I tried the diet for I think two months but stopped when we were moving and I had finals. A little over a month later we had our miscarriage. Although we didn't know we were pregnant at the time, this was the first time we had ever got pregnant in the 7 years of TTC.

I started back on the Low Amylose diet in Jan, but stopped due to other medical problems I was having at the end of Feb. I plan on getting my eating habits back under control soon, though. Unfortunately, due to one of the medications I am currently on and will have to take for two months, I can not TTC until probably the end of the summer or early Fall. This sucks, but there is not much I can do about it.

For those of you who have PCOS and want to give the diet a try (please consult your dr first!) here is the basics of the diet:

Avoid all simple sugars.
Avoid vegetables that grown underground (exceptions for garlic and onions)
Avoid wheat, rice, rye, barely, and oats
Avoid bananas.
Avoid foods enriched with maltodextrins or corn syrup.

Do eat at least 6 oz of protein every day.
Do eat at least 3 servings of above ground veggies and fruit every day.
Milk and butter are OK.

Breakfast options:
Eggs, bacon, sausage, fruit, smoothies (sugar free!), cheese

Lunch options: 
Salad (minus crouton), chicken salad, tuna salad, egg salad, soup, fruit

Dinner options:
meat, veggies, soup, fruit


This diet doesn't seem to be easy at first glance, but with a little preparation and planning, it's very easy to stick to.

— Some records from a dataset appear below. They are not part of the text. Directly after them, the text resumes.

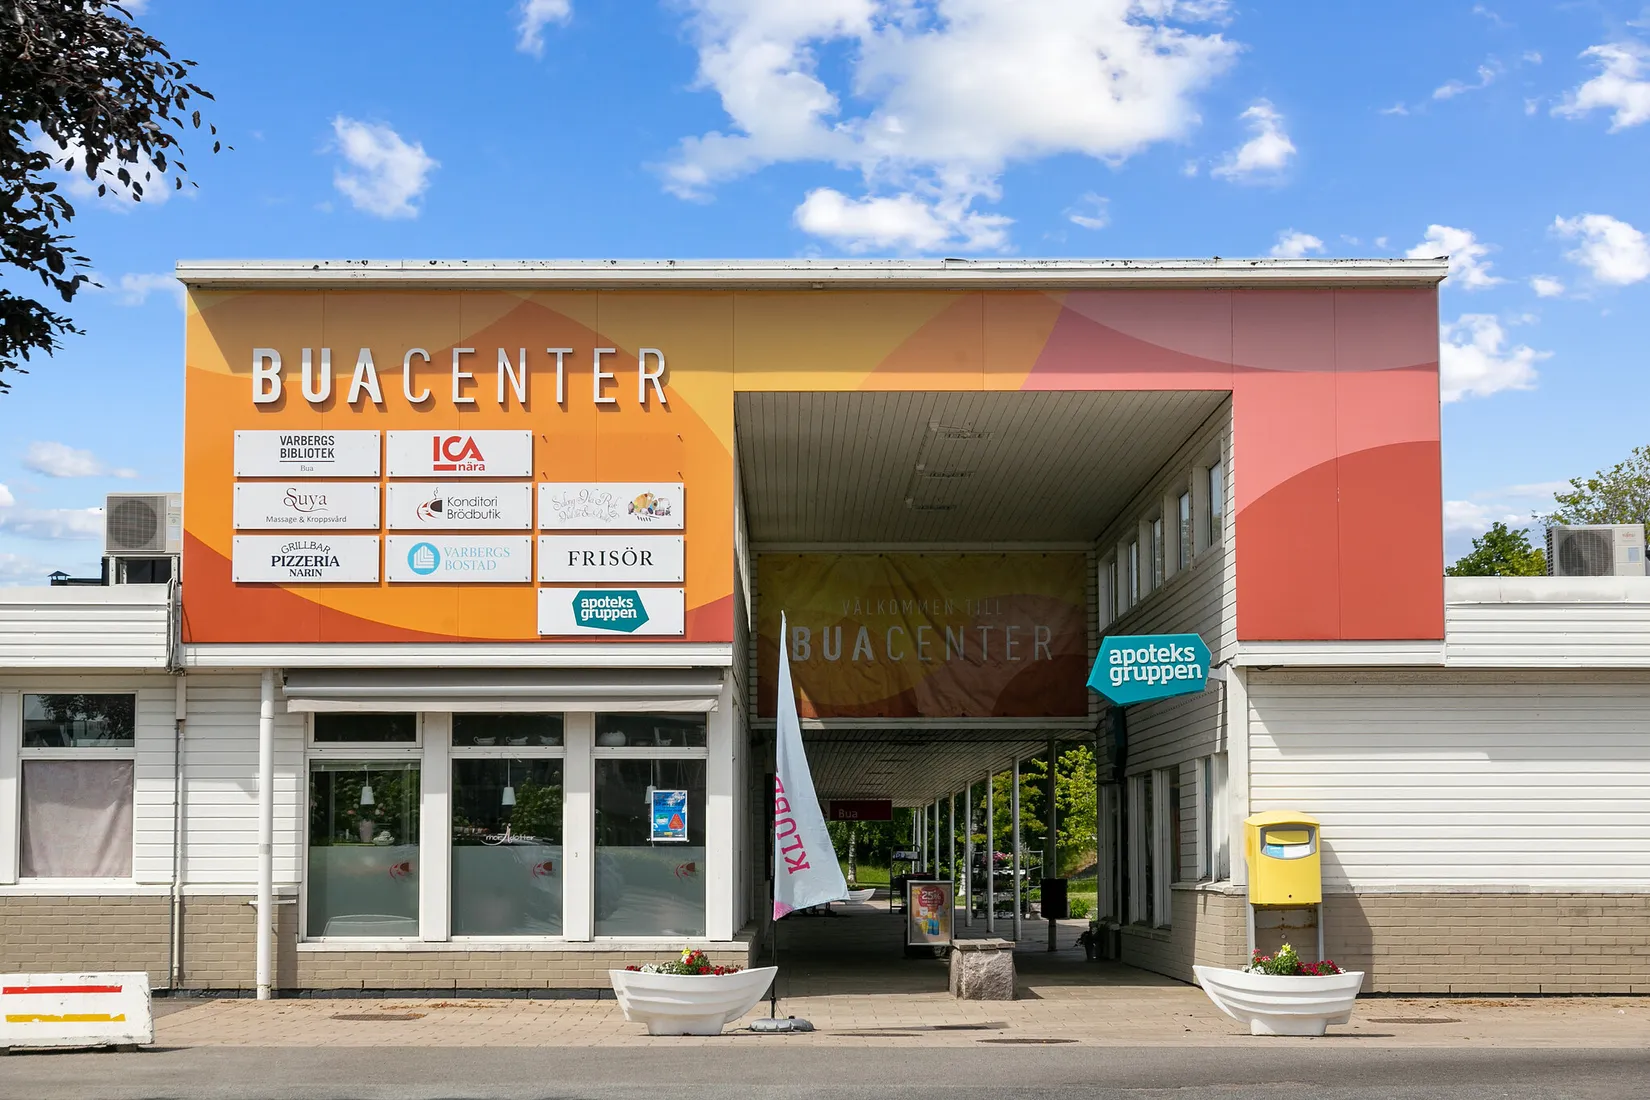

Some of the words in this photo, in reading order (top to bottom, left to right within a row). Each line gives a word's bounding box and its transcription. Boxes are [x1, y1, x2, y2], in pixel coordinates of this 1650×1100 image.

[279, 435, 335, 446] VARBERGS
[279, 447, 335, 459] BIBLIOTEK
[433, 435, 485, 462] ICA
[300, 464, 314, 472] Bua
[458, 461, 486, 472] nära
[283, 487, 328, 513] Suya
[447, 496, 498, 507] Konditori
[265, 515, 298, 524] Massage
[306, 515, 347, 524] Kroppsvård
[447, 508, 501, 520] Brödbutik
[280, 540, 331, 555] GRILLBAR
[444, 546, 510, 558] VARBERGS
[270, 555, 341, 568] PIZZERIA
[567, 546, 654, 567] FRISÖR
[444, 560, 497, 571] BOSTAD
[289, 568, 323, 578] NARIN
[581, 595, 634, 610] apoteks
[966, 597, 1004, 616] TILL
[580, 608, 638, 621] gruppen
[1109, 643, 1196, 666] apoteks
[1109, 663, 1203, 687] gruppen
[838, 808, 859, 819] Bua

For breakfast ideas, click here.
For lunch ideas, click here.
For dinner ideas, click here.
And for all of my posts about the low amylose diet you can click here.

If you have any questions about the low amylose diet, please feel free to email me.

Starting next week, I will start back to posting weekly recipes and such.

2 comments:

Ali @ Not All Dreams Are Free said...

WoW, this sounds very promising. I hope that you find it easy enough to get going again so you're ready for when you're able to TTC again. Thanks for those tips too!

Christina said...

Good luck! It sounds like a good diet to try.